- _EXERCISE DETAILS_:
Each entry should be repeated exactly. Its pictures should not be.

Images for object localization
————————
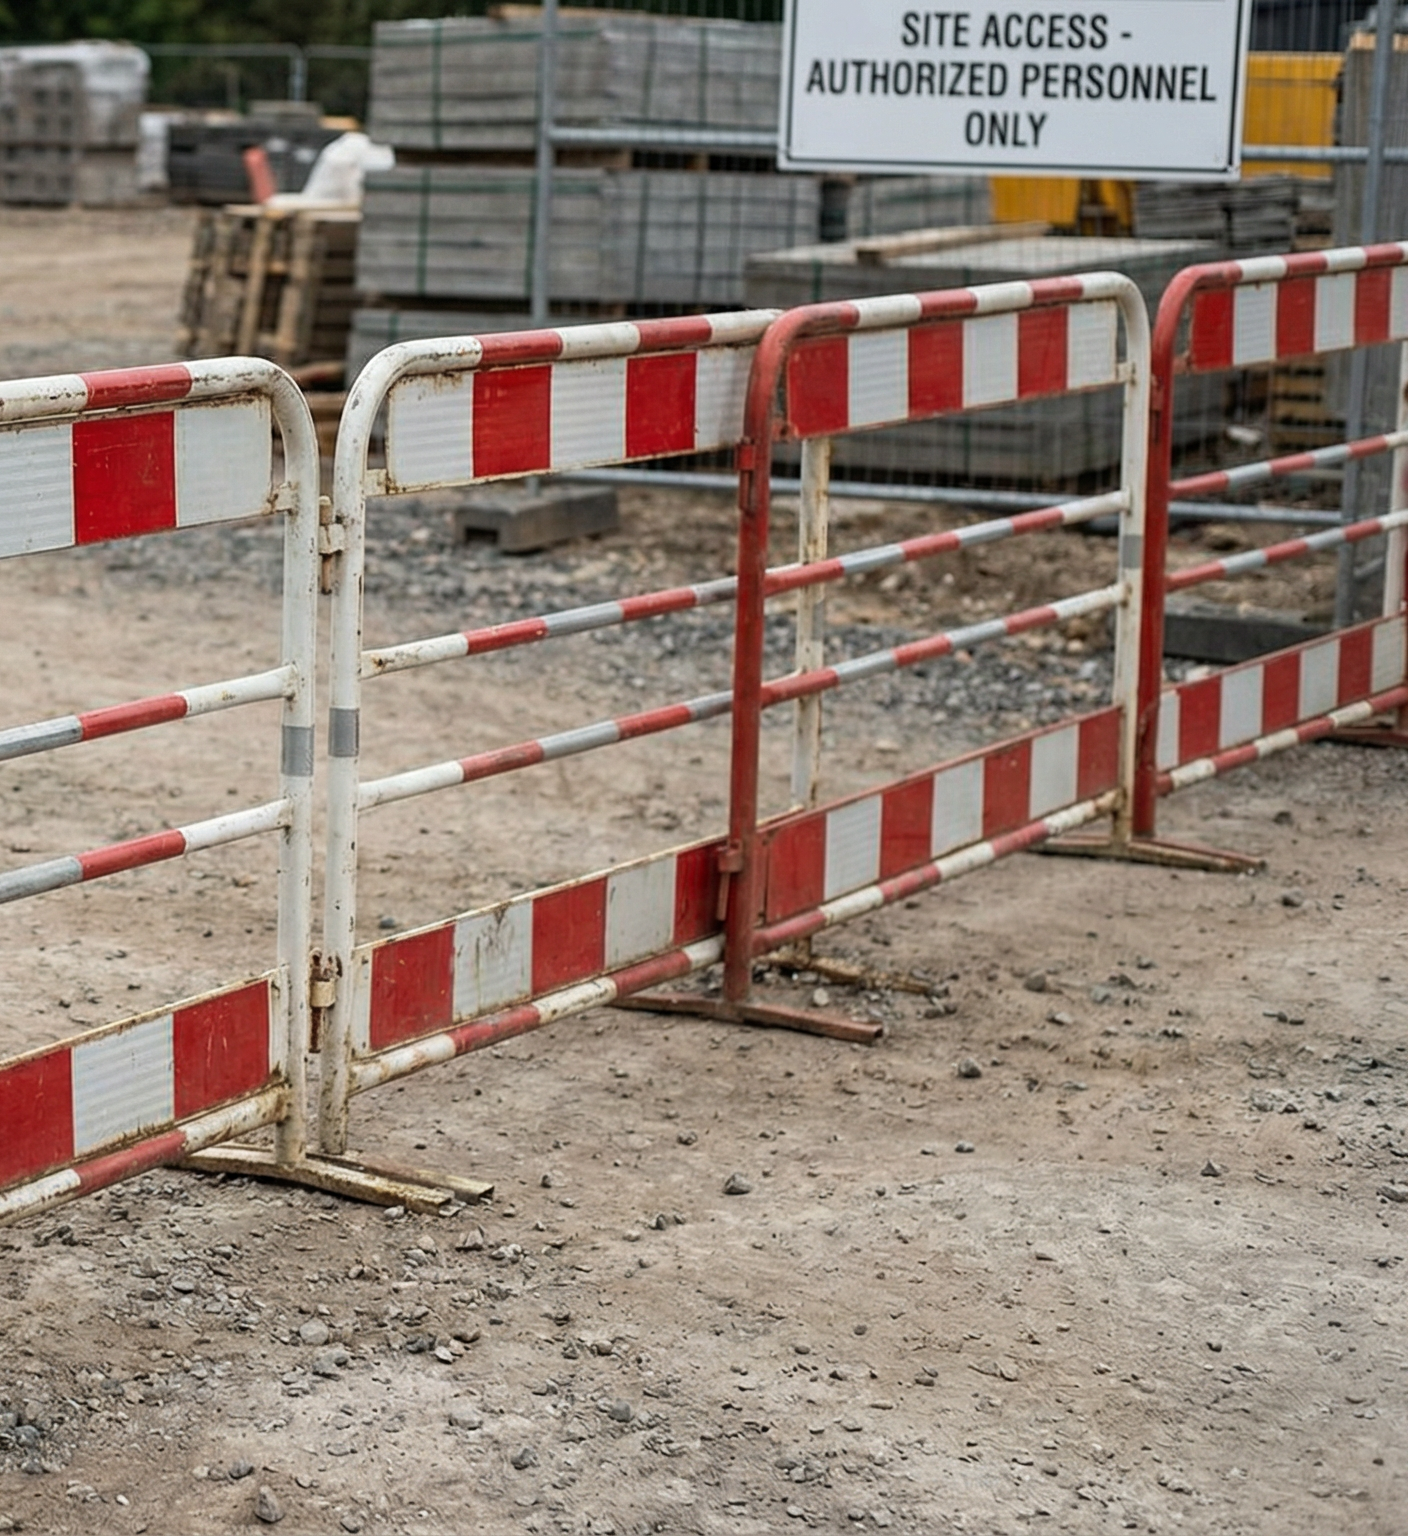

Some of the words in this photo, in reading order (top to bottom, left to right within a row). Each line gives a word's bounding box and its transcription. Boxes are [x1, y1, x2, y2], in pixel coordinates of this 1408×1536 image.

[902, 12, 969, 47] SITE
[981, 13, 1108, 50] ACCESS
[806, 60, 1008, 97] AUTHORIZED
[1021, 63, 1216, 102] PERSONNEL
[965, 111, 1047, 147] ONLY
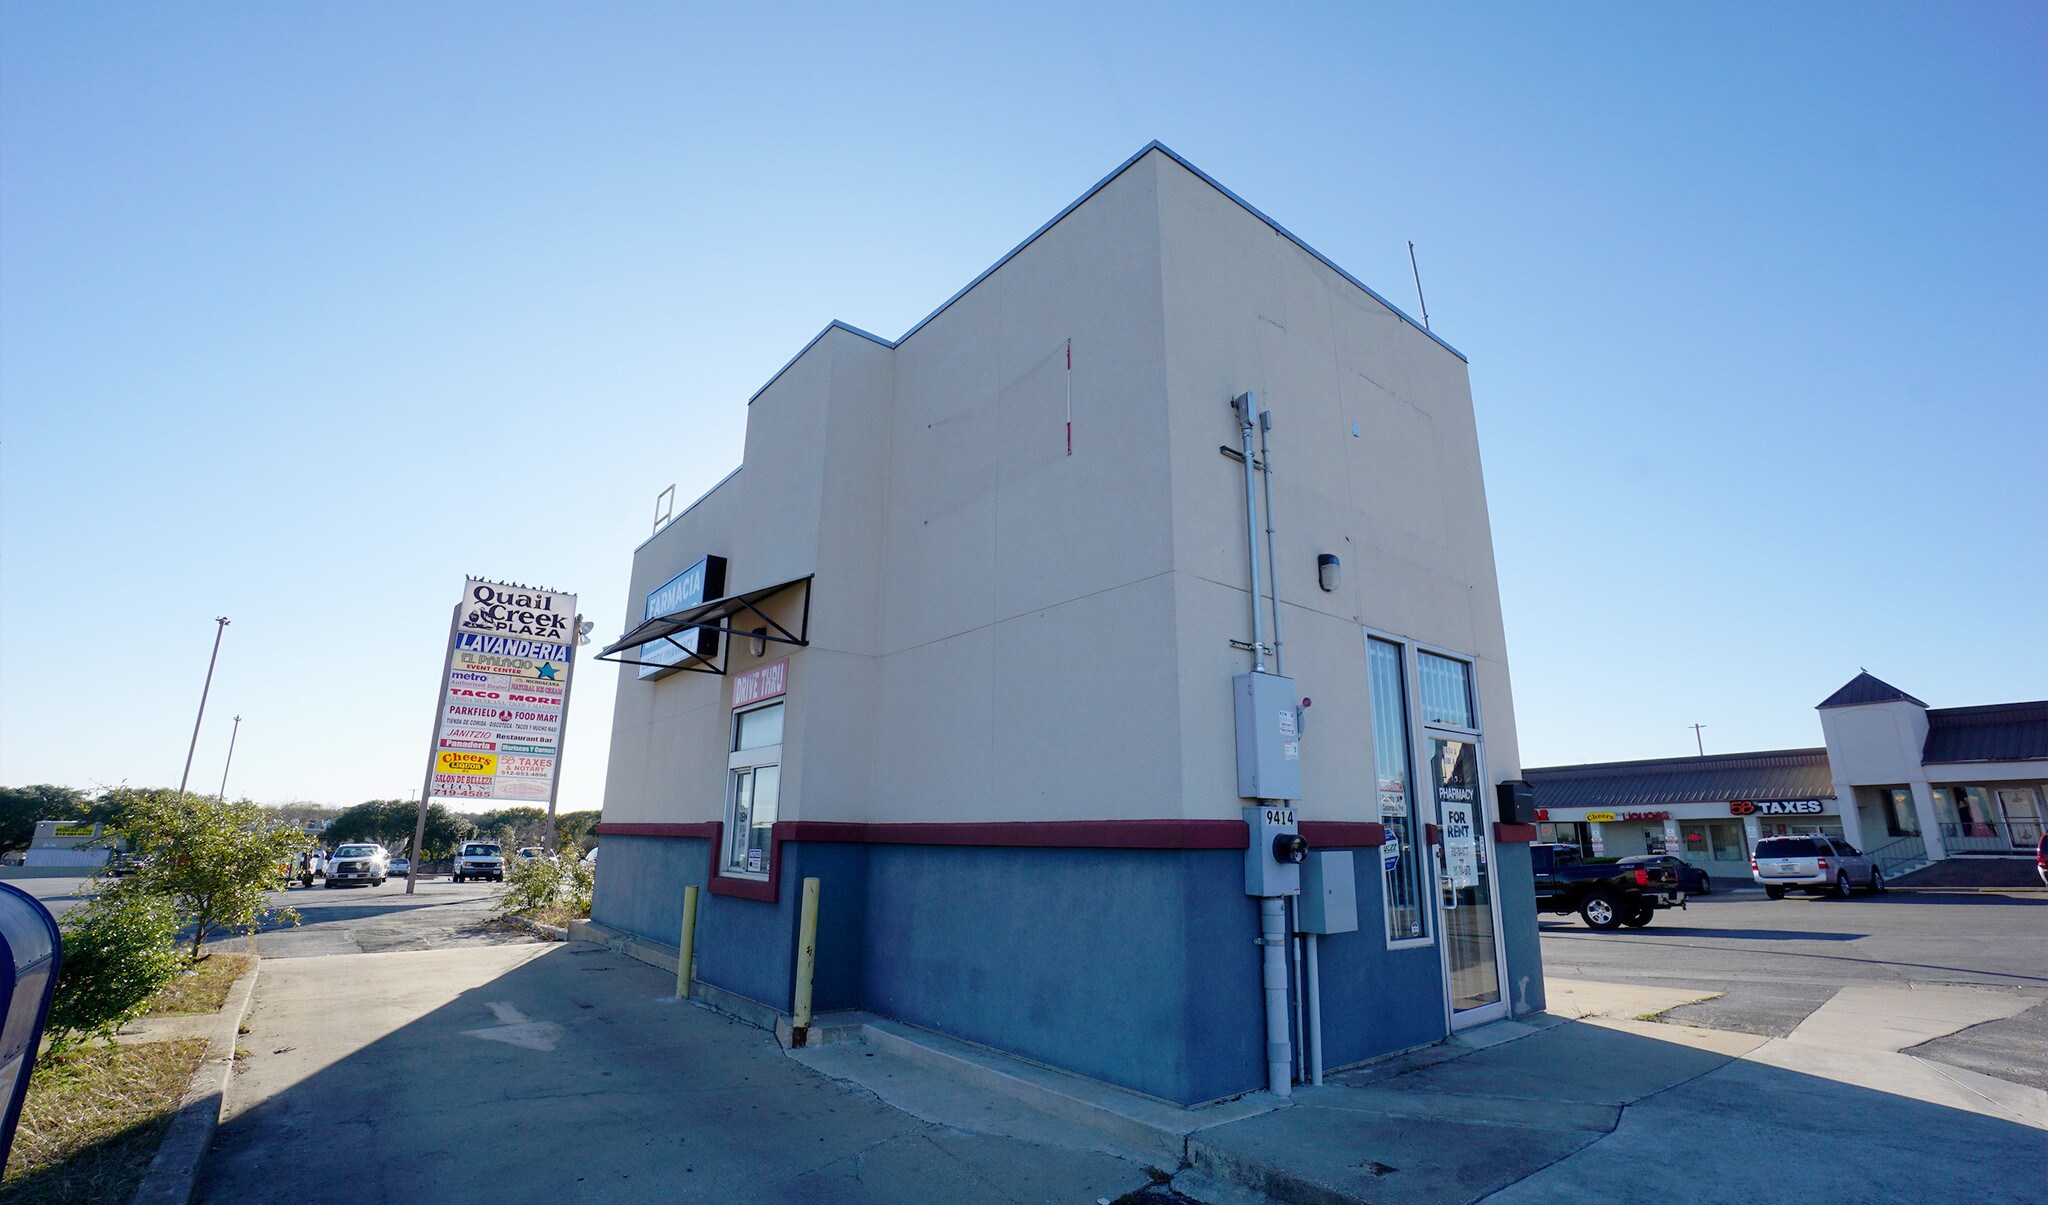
————————
- _THE ANSWER_:
Some of the words in this photo, in reading order (top to bottom, left to right within a row). Each line gives a word's bounding box and its transcription. Boxes are [x1, y1, x2, y2], in pixel coordinates of this 1408×1536 image.

[902, 12, 969, 47] SITE
[981, 13, 1108, 50] ACCESS
[806, 60, 1008, 97] AUTHORIZED
[1021, 63, 1216, 102] PERSONNEL
[965, 111, 1047, 147] ONLY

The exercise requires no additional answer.